88. Pero, ¿no está la Iglesia católica inmiscuyéndose en un fenómeno que, efectivamente, tiene connotaciones éticas, pero de ética civil, que pretende llevar al terreno religioso?

Ciertamente, no. Este es un error muy extendido, fruto de la propensión a relegar las cuestiones morales a la intimidad de la conciencia de cada individuo y a negar legitimidad a toda pretensión de otorgarles trascendencia social y jurídica. Este mismo error se comete cuando, en relación con otras materias (como el aborto provocado o la eutanasia, por ejemplo), se intenta despreciar la enseñanza moral de la Iglesia alegando que estará muy bien para los cristianos, pero que otra cosa son los no creyentes; esta actitud conduce, en su propia lógica, al absurdo de considerar que el hecho de que la Iglesia repruebe el homicidio, el robo, la violación o la estafa ya convierte el juicio moral sobre estos comportamientos en cuestión exclusiva para creyentes.

Es falsa esa división radical entre moral civil y religiosa. La moral tiene un fundamento común a todos los hombres (la ley natural), inscrito por Dios en el corazón y manifiesto en la misma su misma naturaleza y, por ello, en principio todo hombre es capaz de percibirlo con las solas luces de su razón. Por eso, transferir a un supuesto ámbito exclusivo de moral religiosa lo que es patrimonio moral común empobrece la condición humana y reduce su dignidad.

89. Entonces, la Iglesia, ¿no añade nada a ese patrimonio moral común y, por lo tanto, no tiene ninguna palabra específica para los cristianos en relación con el SIDA?

La Iglesia, a partir de ese patrimonio moral común a todo hombre, eleva la consideración del fenómeno hacia una dimensión espiritual específica fundada en la novedad del hombre redimido y en el seguimiento de Cristo. La razón, iluminada por la fe, puede abarcar en todo su profundo y pleno sentido el valor del dolor de los enfermos, del sacrificio de sus próximos y de la solicitud y solidaridad fraterna hacia todos ellos por parte de los miembros de la familia cristiana. Esta visión religiosa no sólo no niega las exigencias de la verdad moral natural, sino que los motiva, los perfecciona y los inserta en la obra redentora de Jesucristo que "pasó haciendo el bien y curando a los oprimidos por el diablo" (Hch 10,38). Así, otorga al sufrimiento un valor corredentor que, sin la fe, no se comprendería.

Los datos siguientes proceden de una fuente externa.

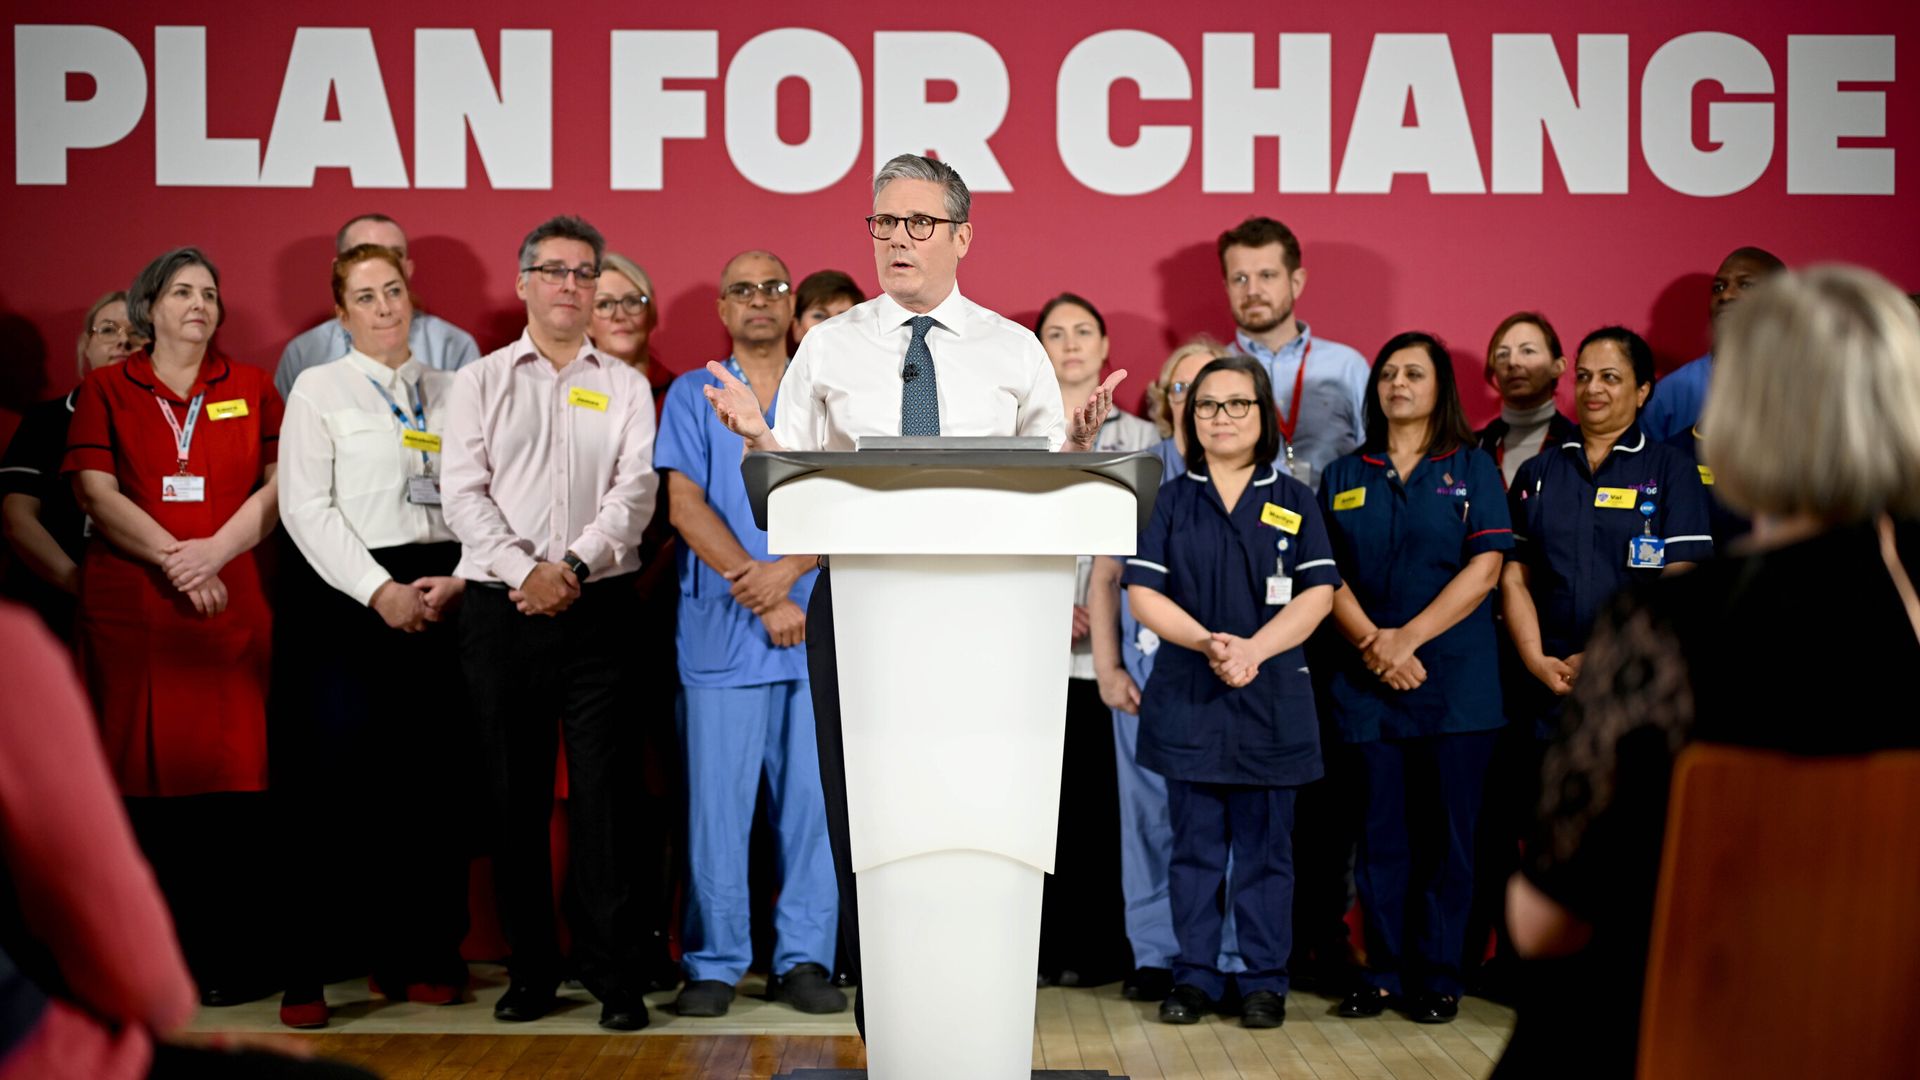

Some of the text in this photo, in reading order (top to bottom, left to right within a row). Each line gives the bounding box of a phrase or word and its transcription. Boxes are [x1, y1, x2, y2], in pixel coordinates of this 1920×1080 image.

[15, 24, 1894, 197] PLAN FOR CHANGE
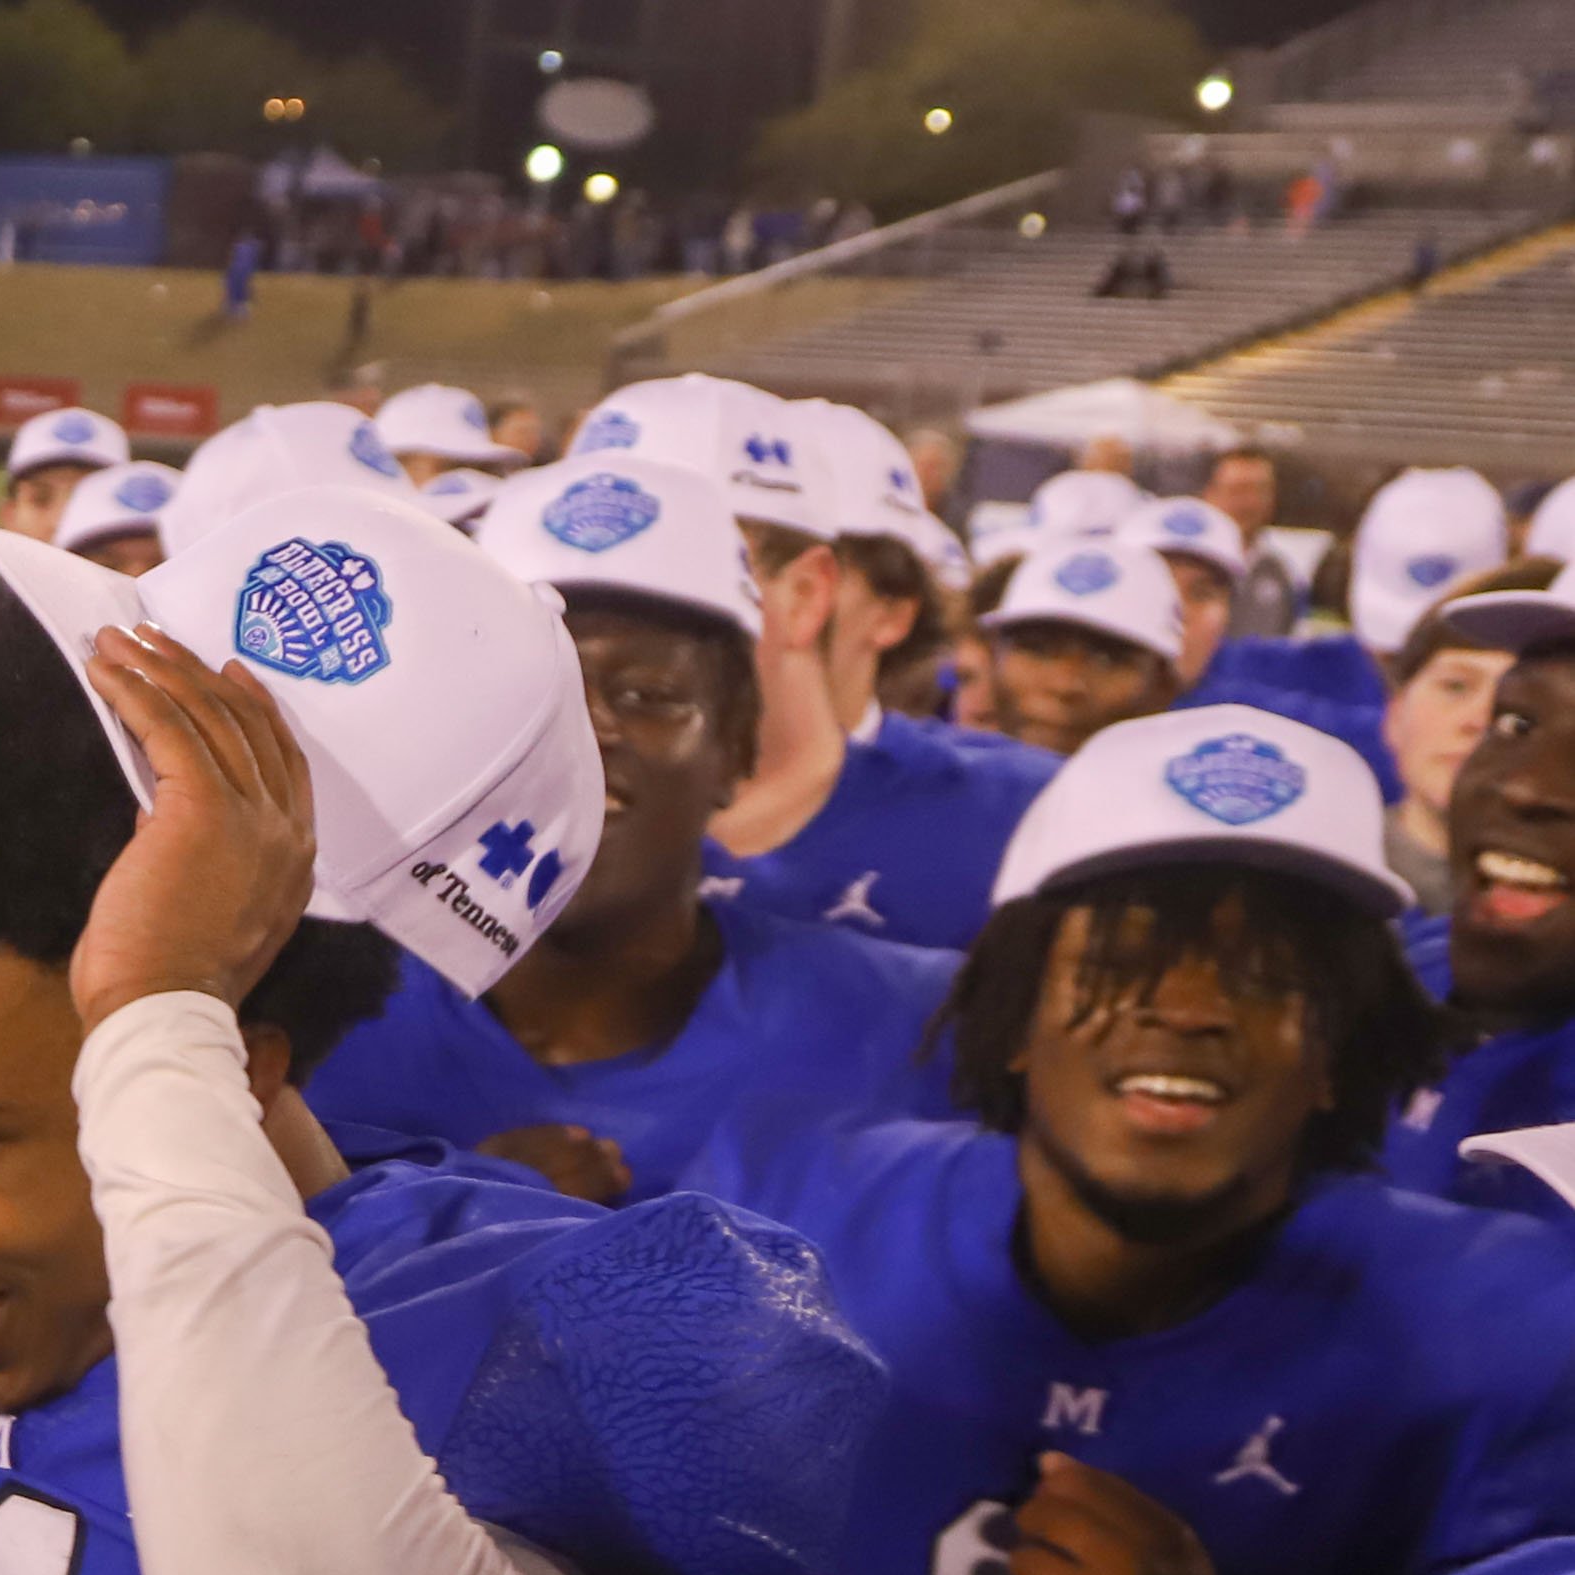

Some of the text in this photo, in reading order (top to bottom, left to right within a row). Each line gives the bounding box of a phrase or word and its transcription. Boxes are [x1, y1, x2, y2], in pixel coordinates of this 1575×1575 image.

Por otra parte, la dimensión específicamente religiosa de la actitud de la Iglesia en relación con el fenómeno del SIDA, ayuda a comprender mejor y a valorar en toda su hondura la importancia de la caridad, es decir, del amor hacia las personas que sufren, "con Cristo, el Buen Samaritano, que cura con el aceite del consuelo y el vino de la esperanza" (Misal Romano, Prefacio VIII del Sanctus, tiempo ordinario). El cristiano dispone, gracias a su fe, de un auxilio espiritual que le ayuda a acercarse a los que padecen la enfermedad cualquiera que haya sido su conducta. El cristiano entiende bien que el error moral no hace a las personas menos merecedoras de atención, sino al contrario, como enseña la parábola del hijo pródigo, más necesitadas, si cabe, de ser amadas y ayudadas.

Por tanto, la Iglesia ofrece dos dimensiones nuevas -por lo demás, razonables y enteramente homogéneas con la ética y el sentido común- al tratamiento del fenómeno del SIDA: la espiritual y la pastoral, que en el fondo puede decirse que son la misma cosa, pues procede del único amor de un Padre descubierto en el Hijo y derramado en nuestros corazones por el Espíritu Santo.

90. ¿Cuál es el juicio moral de la Iglesia respecto a las relaciones conyugales cuando existe riesgo de contagio del SIDA por estar uno de los esposos infectado?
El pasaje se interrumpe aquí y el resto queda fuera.